Divorce should never be a war of attrition that continues until one or both of the parties are worn down emotionally or financially. Instead, working to a tried and tested interest-based process should be the default approach: agree the agenda; agree, identify and share any necessary data; ask questions about and understand the data; define any problem; develop options; redefine positions to interests; and negotiate to achieve a resolution. It’s as simple as that.

While physicians take the Hippocratic Oath (“do no harm”) to uphold medical standards, what would be the effect if family solicitors committed to an equivalent standard in dealing with relationship breakdown?

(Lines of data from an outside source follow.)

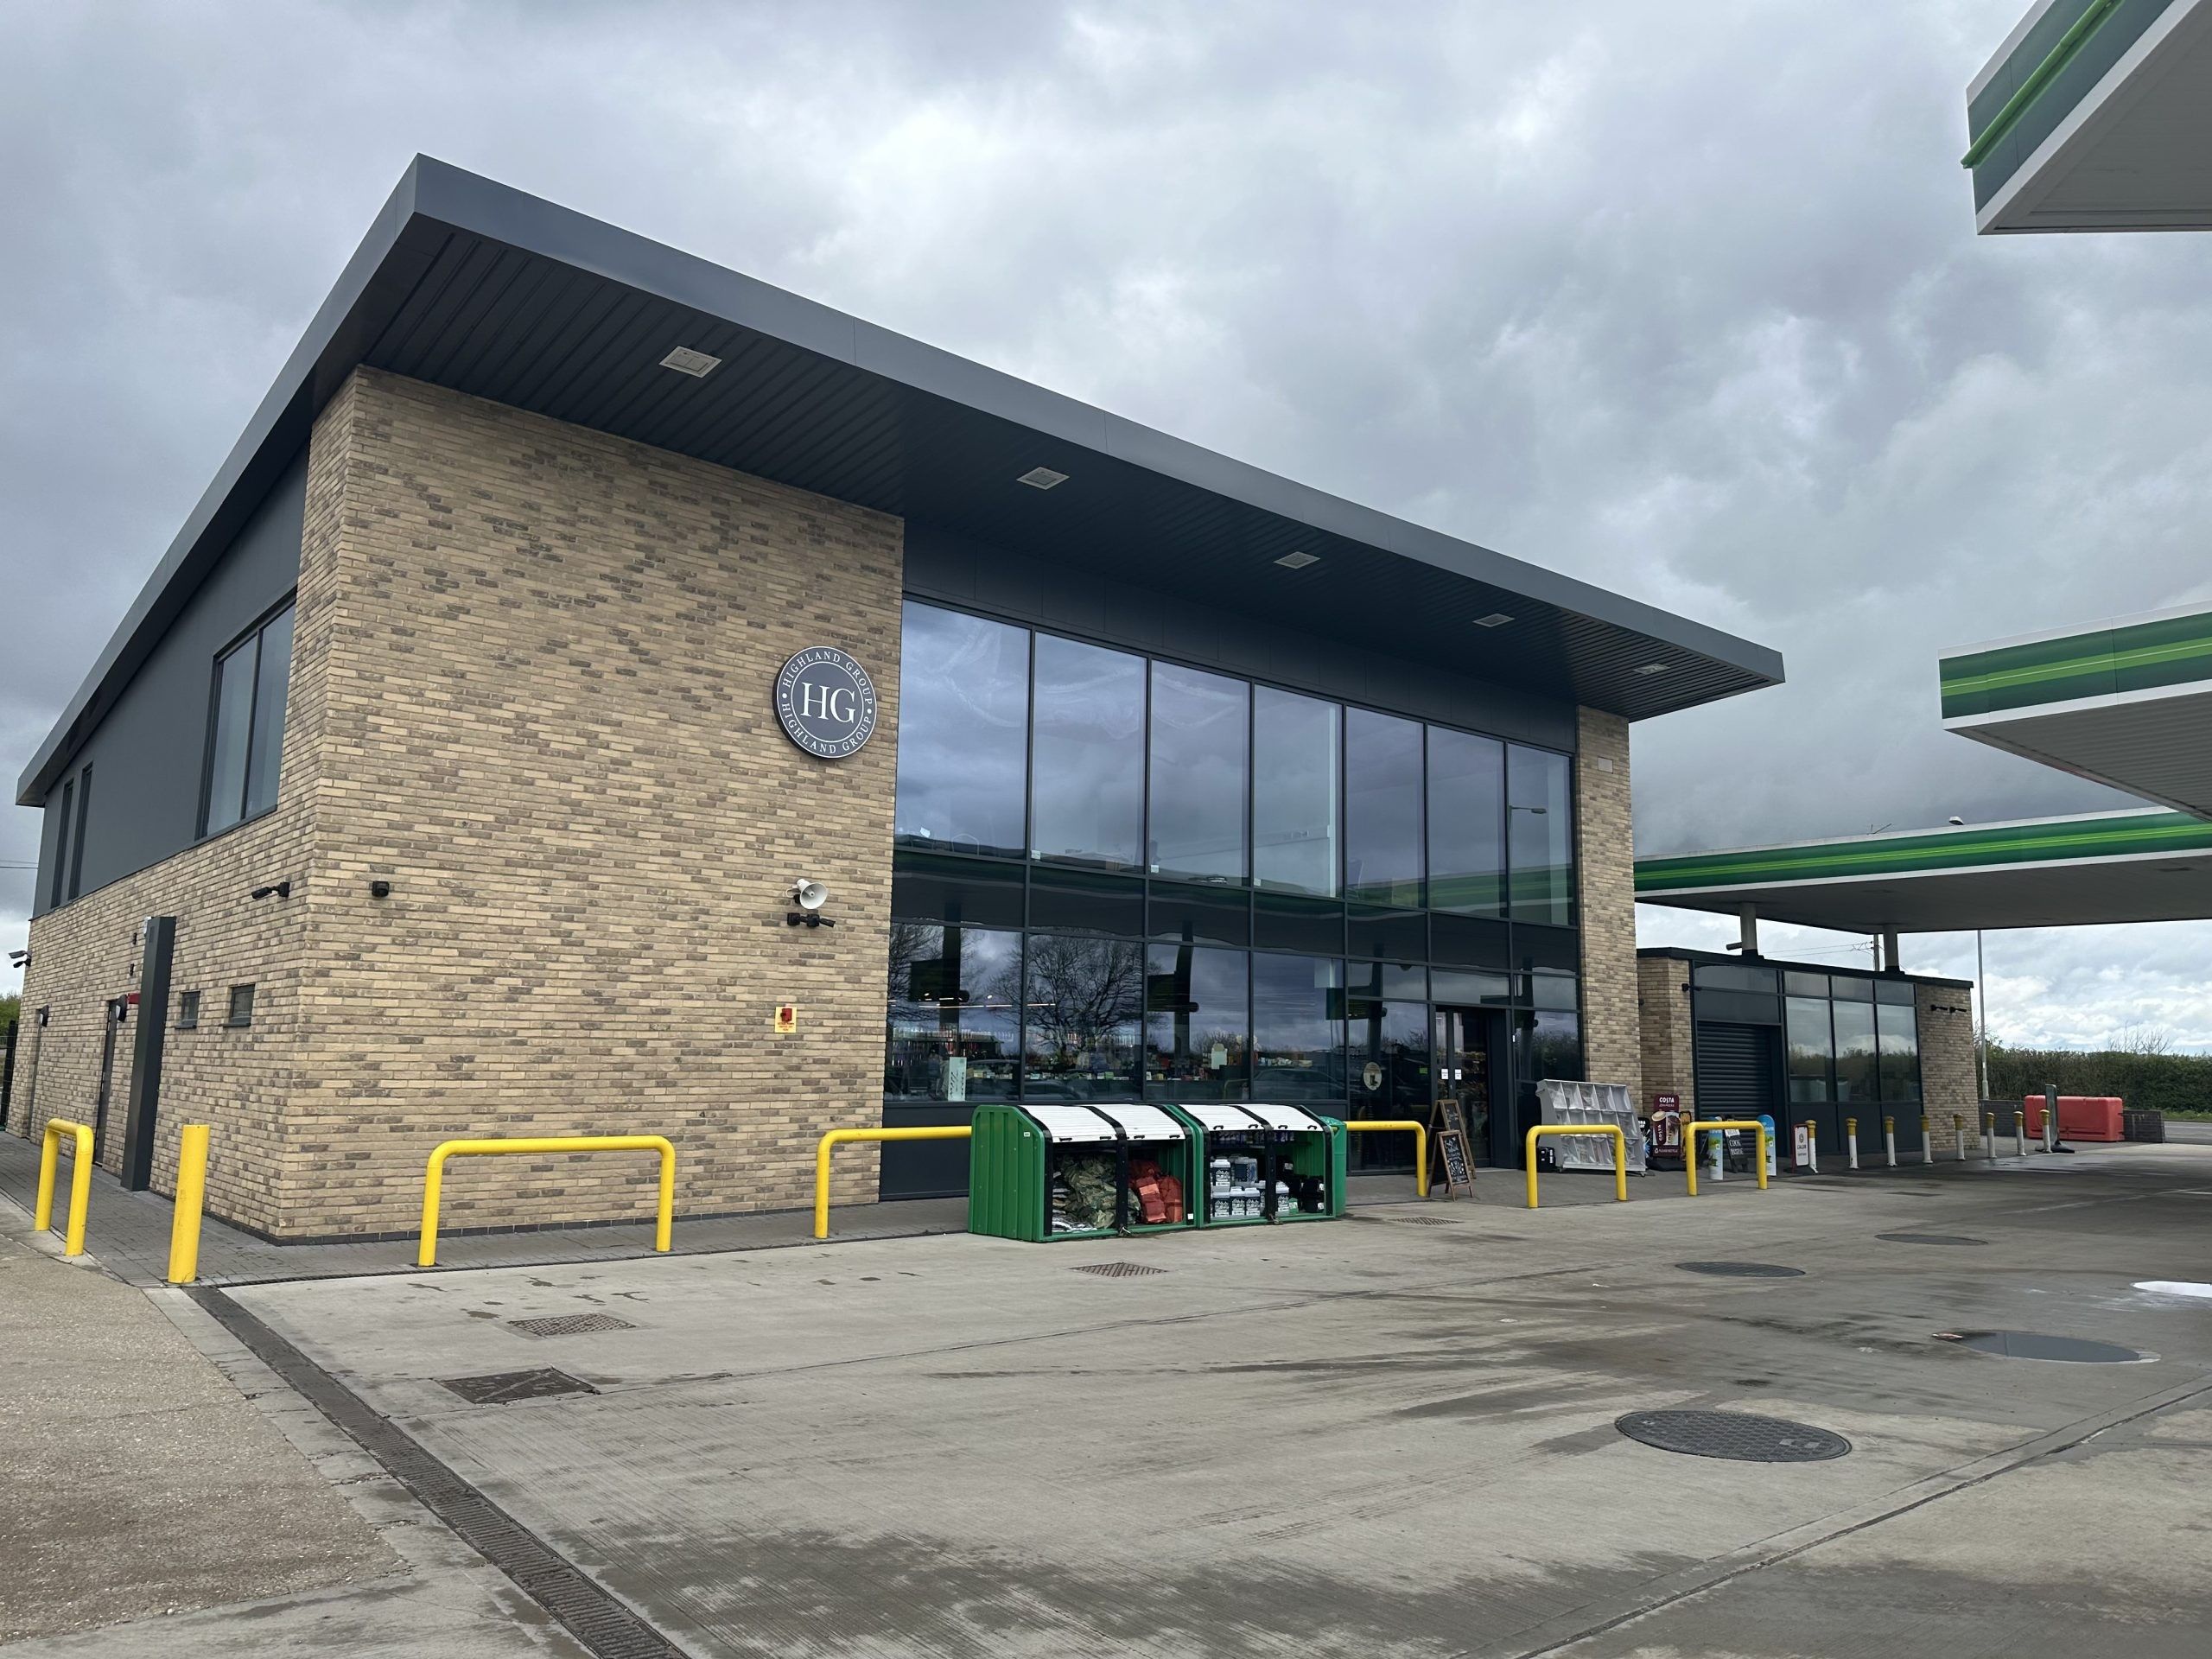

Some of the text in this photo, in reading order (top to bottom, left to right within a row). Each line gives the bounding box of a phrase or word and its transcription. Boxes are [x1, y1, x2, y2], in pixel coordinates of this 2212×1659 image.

[782, 651, 873, 705] HIGHLAND GROUP
[800, 682, 856, 724] HG
[781, 702, 872, 753] HIGHLAND GROUP
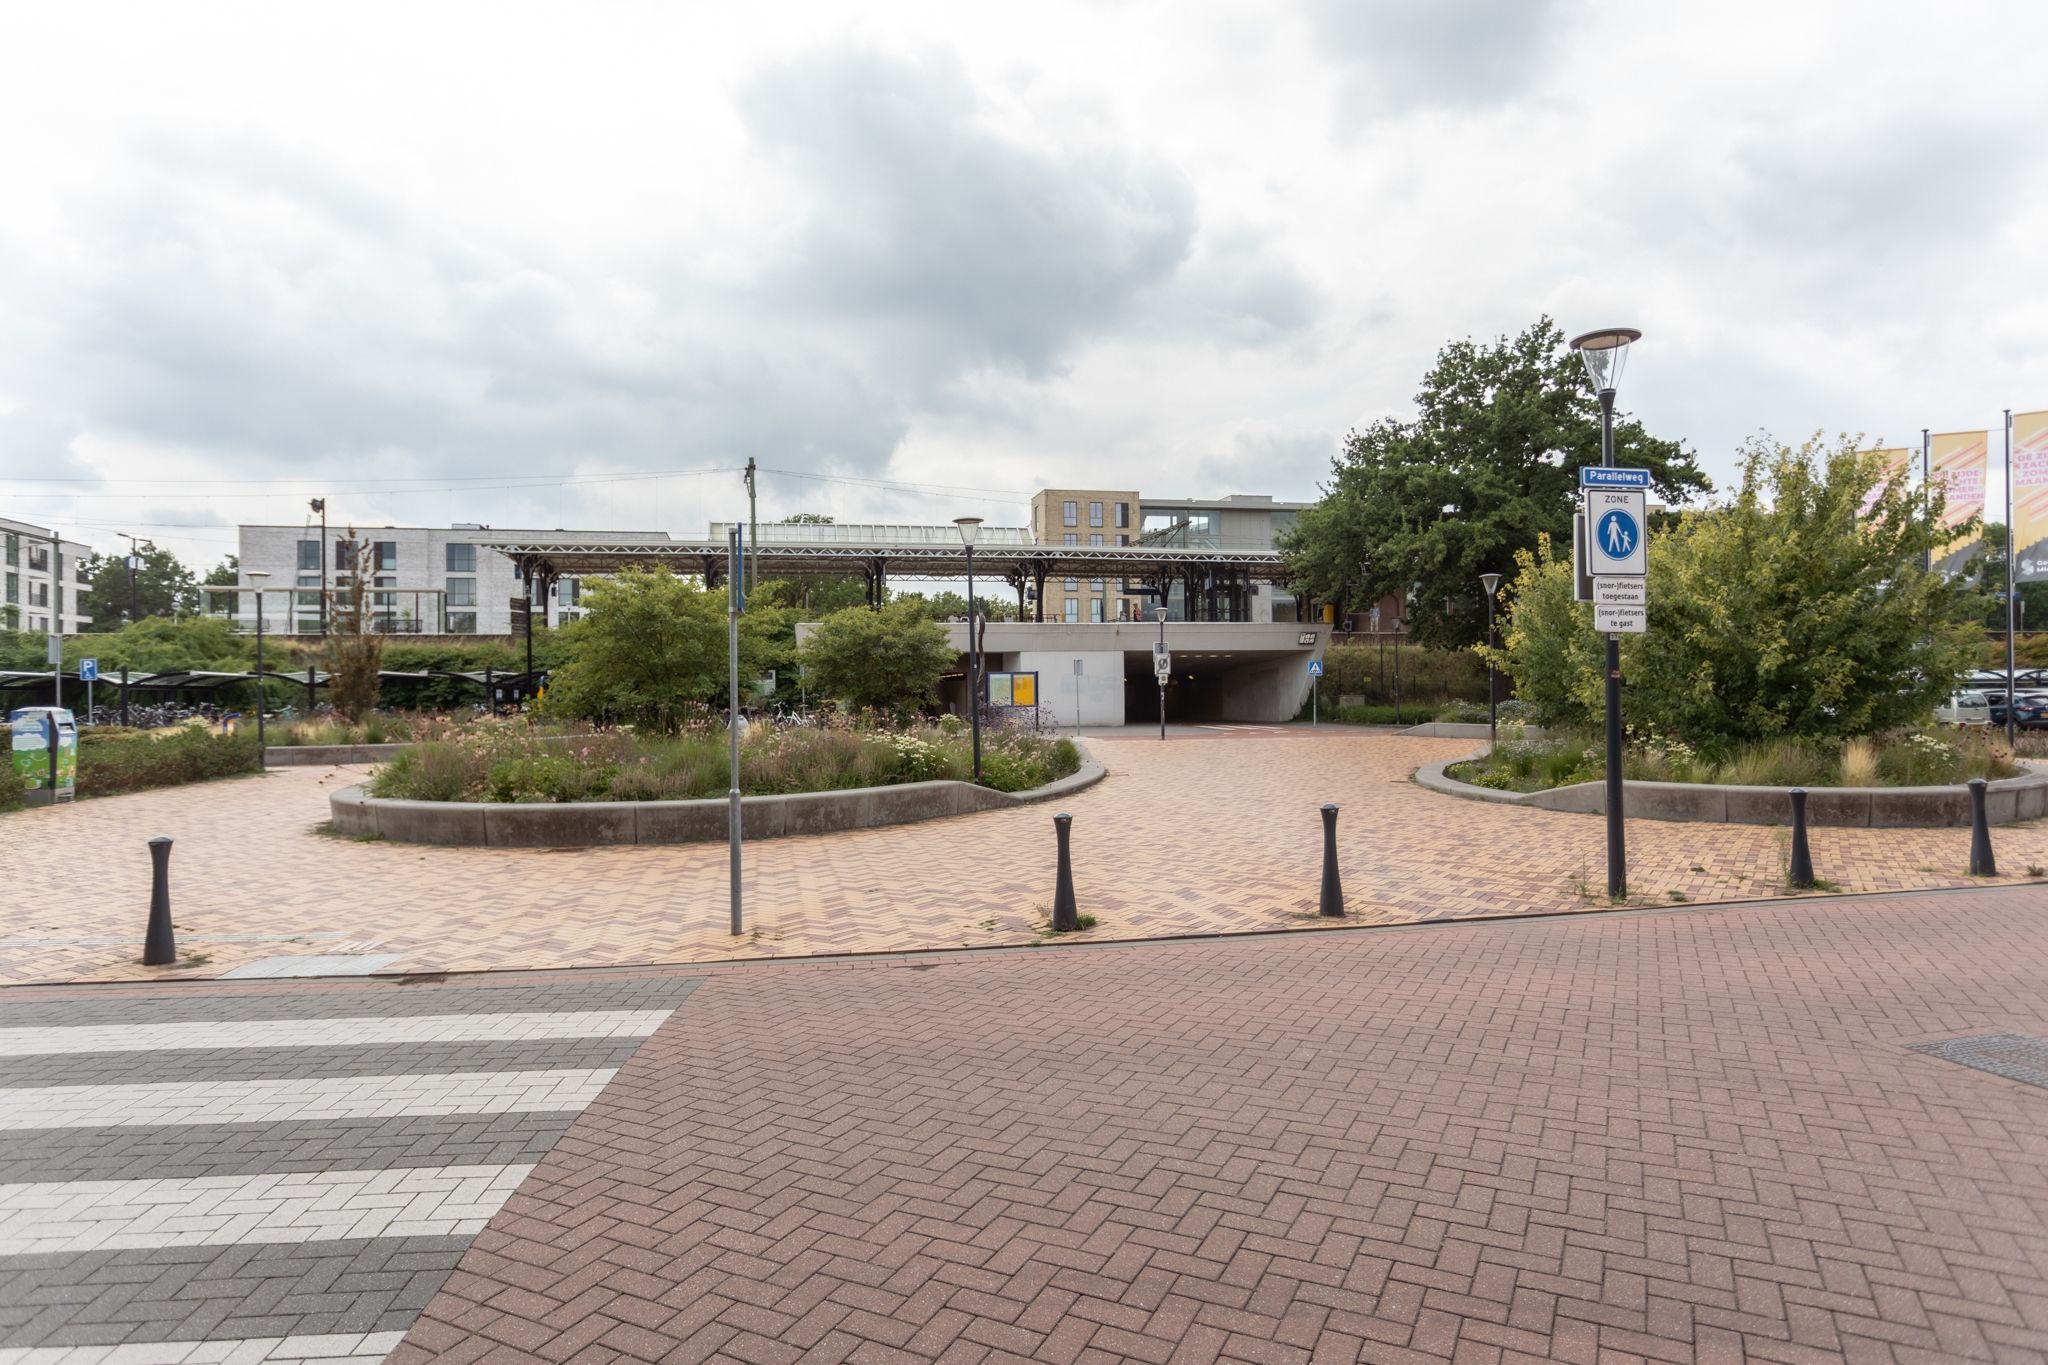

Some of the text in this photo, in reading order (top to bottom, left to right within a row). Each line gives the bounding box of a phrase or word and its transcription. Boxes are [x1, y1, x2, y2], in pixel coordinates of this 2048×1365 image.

[2022, 461, 2048, 470] ZAC
[1589, 470, 1644, 484] Parallelweg
[1604, 495, 1629, 504] ZONE
[1597, 582, 1644, 590] (snor-)fietsers
[1602, 592, 1639, 601] toegestaan
[1598, 609, 1644, 617] (snor-)fietsers
[1619, 620, 1633, 628] gast
[83, 661, 93, 672] P

Stephen Anderson had been practising as solicitor for 15 years before deciding in 2009 that he could no longer be a part of a system that turns problems into disputes and disputes into long drawn-out, expensive and damaging battles between lawyers. That’s when he retrained as a family mediator. He now practices only as a mediator (with training in family, civil & commercial, workplace, elder and community). He is also a mediation child consultant, mediation information &assessment  meeting (MIAM) provider, a professional supervisor of other mediators and a peer (youth) mediation installation trainer. Since 2016 he has been a director of the College of Mediators. He attends and speaks regularly on the UK, European and North American conference circuit and is widely known for his work in establishing online mediation as a legitimate way to work. He has helped write the online mediation standards for the Family Mediation Council. Stephen is the co-founder of Start Mediation, amediation practice in Ipswich, Suffolk.